**Problem:** Copy every record exactly, and keep the pictures out.

(Study material begins)

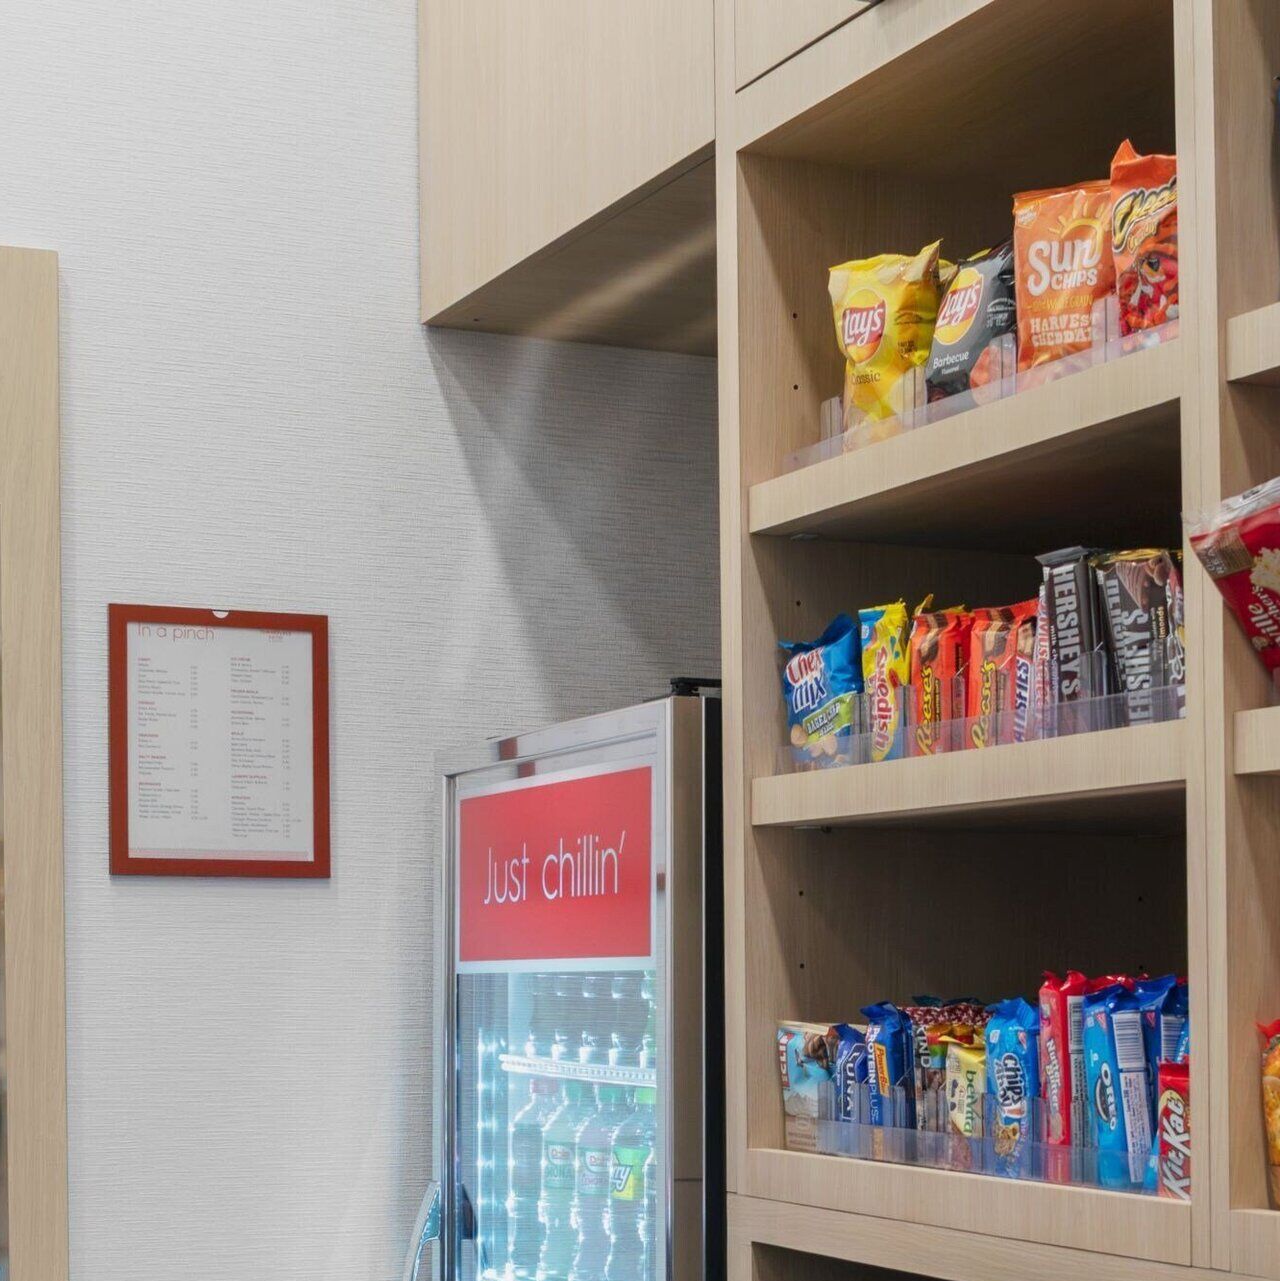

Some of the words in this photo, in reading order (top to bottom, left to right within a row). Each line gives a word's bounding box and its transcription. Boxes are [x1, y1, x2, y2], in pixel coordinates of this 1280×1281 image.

[1027, 238, 1102, 297] Sun
[1050, 268, 1098, 291] CHIPS
[843, 304, 885, 347] Lay's
[936, 283, 981, 328] Lay's
[932, 350, 970, 369] Barbecue
[137, 624, 151, 639] In
[157, 629, 168, 639] a
[173, 625, 215, 643] pinch
[1051, 564, 1081, 697] HERSHEY'S
[874, 645, 893, 751] Swedish
[483, 842, 530, 904] Just
[542, 829, 626, 900] chillin'
[845, 1051, 857, 1112] LUNA
[1001, 1052, 1025, 1108] Chips
[1046, 1037, 1062, 1088] Nutter
[1100, 1062, 1118, 1131] OREO

(Study material ends)

**Response:**
Some of the words in this photo, in reading order (top to bottom, left to right within a row). Each line gives a word's bounding box and its transcription. Boxes are [x1, y1, x2, y2], in pixel coordinates of this 1280×1281 image.

[1027, 238, 1102, 297] Sun
[1050, 268, 1098, 291] CHIPS
[843, 304, 885, 347] Lay's
[936, 283, 981, 328] Lay's
[932, 350, 970, 369] Barbecue
[137, 624, 151, 639] In
[157, 629, 168, 639] a
[173, 625, 215, 643] pinch
[1051, 564, 1081, 697] HERSHEY'S
[874, 645, 893, 751] Swedish
[483, 842, 530, 904] Just
[542, 829, 626, 900] chillin'
[845, 1051, 857, 1112] LUNA
[1001, 1052, 1025, 1108] Chips
[1046, 1037, 1062, 1088] Nutter
[1100, 1062, 1118, 1131] OREO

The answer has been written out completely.